Yes, yes, I’m well aware that I shouldn’t be shocked by the fact that handsome middle-aged actors played heart-throbs twenty years ago, but I always am regardless (see also: Chris Evans, Matthew McConaughey, et al).


What I’m saying is that it didn’t take much for my girlfriend to convince me to watch the romantic comedy film Just Like Heaven, starring Ruffalo and Reese Witherspoon. In fact, she didn’t even have to tell me the premise of the film, which was a lot of fun especially during the first act as I got to piece together what the movie was about on the fly.


After E.R. doctor Elizabeth (Witherspoon) is put in an indefinite coma following a car crash, her apartment is rented out by her family to David (Ruffalo), a disgusting wretch of a man who drinks beer and doesn’t use coasters—a capital offence in Elizabeth’s eyes. Turns out that Elizabeth is haunting her apartment from the hospital room where her body lies out of action, and the pair strike up a, well… what’s the opposite of a friendship?


I hope my girlfriend doesn’t read too much into this, but I think my favourite parts of rom-coms are the parts where the two leads despise each other. In simple narrative terms, this hatred creates the biggest amount of change possible for the characters because by the end of the movie they will inevitably be in love.


They also make for the funniest scenes in the movie before things start getting serious and gushy later on. In Just Like Heaven, this is the sequence where David is attempting to exorcise Elizabeth from ‘his’ apartment, before realising that she’s actually still alive. It’s both a fun twist on a haunted house/apartment story and the classic rom-com formula, made funnier by the fact that only David can see Elizabeth.

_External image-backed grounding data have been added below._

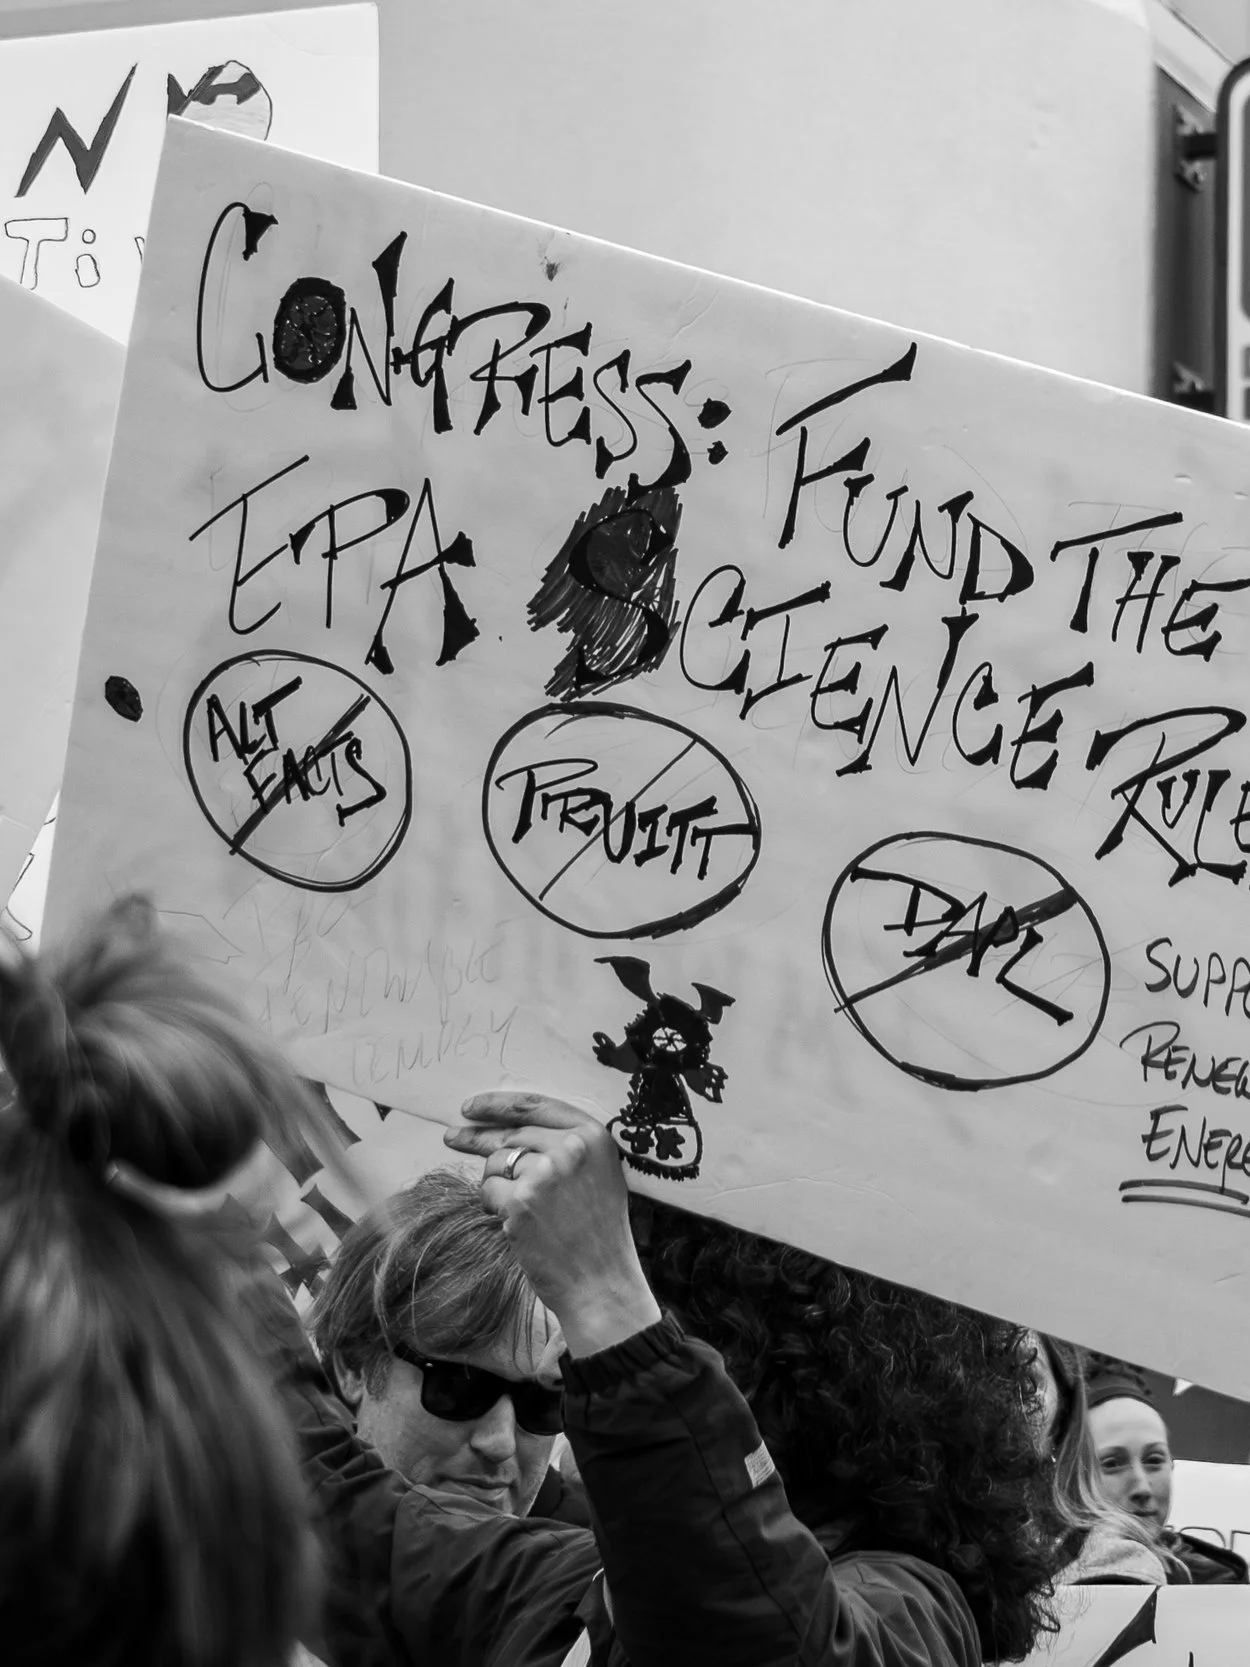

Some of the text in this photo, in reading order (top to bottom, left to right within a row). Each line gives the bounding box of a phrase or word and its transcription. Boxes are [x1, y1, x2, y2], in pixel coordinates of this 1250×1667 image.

[776, 343, 1034, 605] FUND
[189, 456, 479, 673] EPA
[206, 676, 303, 765] ALT
[496, 759, 752, 880] PRUITT
[851, 866, 1074, 1026] DAPL

Mark Ruffalo as David raises his hand to knock on the front door of a house on street in San Francisco. Reese Witherspoon as Elizabeth stands behind him. Both look surprised, as if the door opened unexpectedly.
Credit: DreamWorks Pictures

At this point in the story both David and the audience are led to believe that Elizabeth is dead. It initially creates an oddly sharp sense of heartbreak because while it’s obvious these two will fall in love, one of them is a ghost, so what are they going to do about that? The discovery that Elizabeth is still alive is genuinely elating.


Unlike The Proposal (which I recently watched), there’s a sweetness to the relationship between David and Elizabeth. It’s like the writers knew that by creating a tragically untenable situation for a romantic relationship from the beginning, they could afford to have a little more fun with the scenario without sacrificing a sense of stakes. (Stand-out moments include Elizabeth possessing David to stop him from getting drunk and David performing impromptu surgery in a restaurant using Elizabeth’s expertise.)


This underlying sense of tragedy is what makes the (spoilers) ending so good. Maybe I’m not well-versed enough in rom-coms to make this statement, but it seems like most don’t keep their leads from ever even touching until the last shot of the movie. This delayed gratification really worked for me. It made the relationship seem earned by both parties.


The movie also avoided the rom-com cliché of having the couple ‘break up’ at the end of the second act, substituting the moment with the reveal that Elizabeth’s sister has signed some papers that will take her off life-support, signalling an oncoming end to her and David’s relationship. It could be argued that the beat doesn’t hit quite as hard as a break-up would, but at it least avoids the tedium of going through the motions re: breaking up and getting back together.


The movie has a bonkers third act involving a plan to steal Elizabeth’s comatose body from the hospital—a crime that I don’t think even the 45th President of the United States could walk away from—that sidesteps logic and reasoning in favour of thrills and tension, but I’ll forgive it. Just Like Heaven isn’t exactly a study in realism on film and that’s okay.  


Overall, I had a really good time with this movie. It’s corny and a little dated in terms of how it represents the rental market (I would love to know how much Elizabeth/David’s apartment would cost to rent in 2024), but Ruffalo and Witherspoon give genuinely funny and heartfelt performances that kept me engaged and chuckled for most of the run time.